It is no secret that God desires an intimate relationship with each one of us.  But is it possible that even our prayer life can avoid intimacy with God?  Centering Prayer teaches the practice of silence, that often when we come to prayer with our needs and our wants, we can hardly hear God’s voice, or see God’s face amongst all the distractions that we create.

In parallel, I think we live in a particularly intimacy-deprived, intimacy-avoiding, intimacy-fearing society.  Text messages, email, and iphones are all devices that allow us to interact with one another without meeting face to face.  Because there is so much miscommunication in these media devices, my husband and I often joke that people who text have relationship problems, and people who get iphones become bad people.  Of course, that’s not unilaterally true, but when we text instead of come together for a cup of coffee, or when we slide our iphone under the table while our friend is pouring out her heart to us to get on facebook, it’s hardly honoring the sacredness of our relationships or bringing us closer to the type of intimacy I crave.

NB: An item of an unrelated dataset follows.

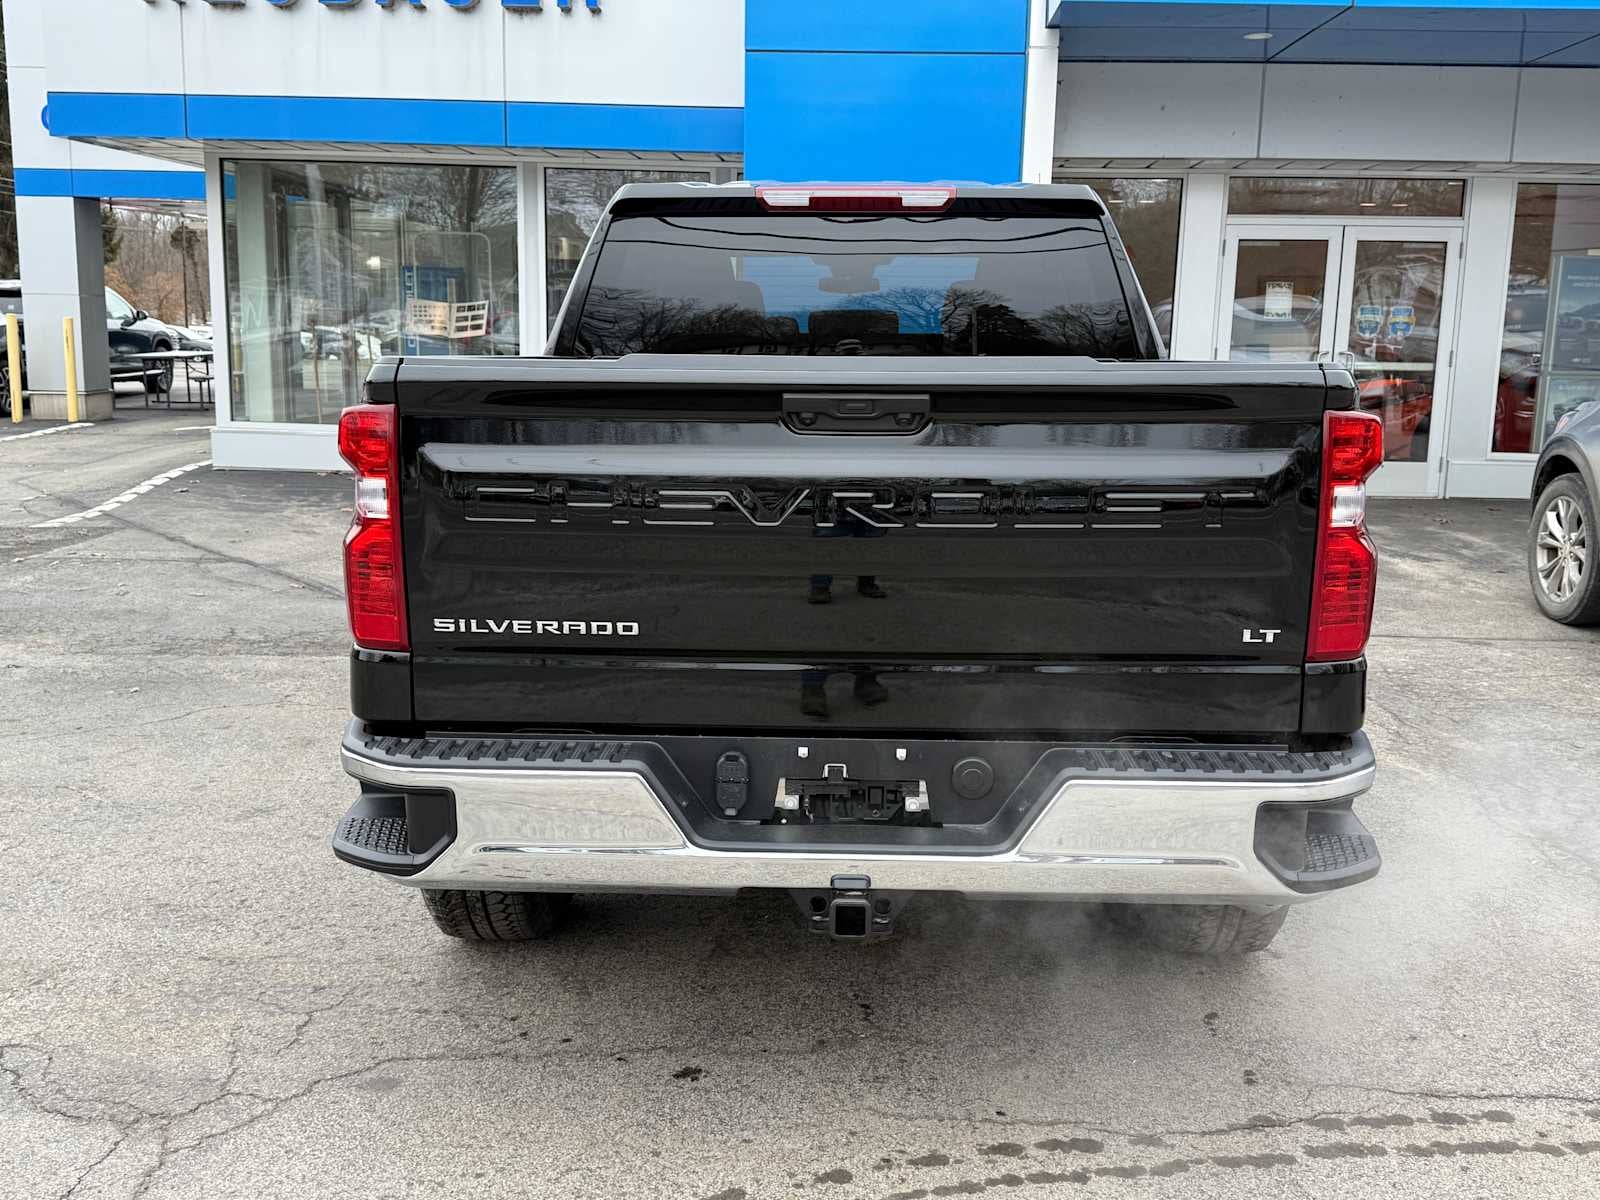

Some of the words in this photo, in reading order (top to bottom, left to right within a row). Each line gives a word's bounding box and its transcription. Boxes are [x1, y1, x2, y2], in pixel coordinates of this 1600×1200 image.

I think the side of intimacy that scares us the most is its vulnerability, the sense in which beneath all our accolades, our technology and our privileges, we are flawed people, with real problems, fears, and anxieties, and rejection is a risk we can’t afford to take.  

But God sees through all of that anxiety and self-importance anyway, and I know that in front of God I am but another weak and humble servant, my inadequacies laid bare for all to see.  But knowing that God accepts me just as I am makes me seek that kind of grace, that kind of real relationship, with other people in this world, as well.  To do so, however, I have to really listen, and not just to God, but to others.  I have to put aside my thoughts and my concerns, and truly listen empathetically to my neighbor. This all sounds so simple, but I believe one of Jesus’ most profound ministries was simply greeting people with attention to their full humanity. Like God, he knows our innermost parts, and yet he loved us anyway.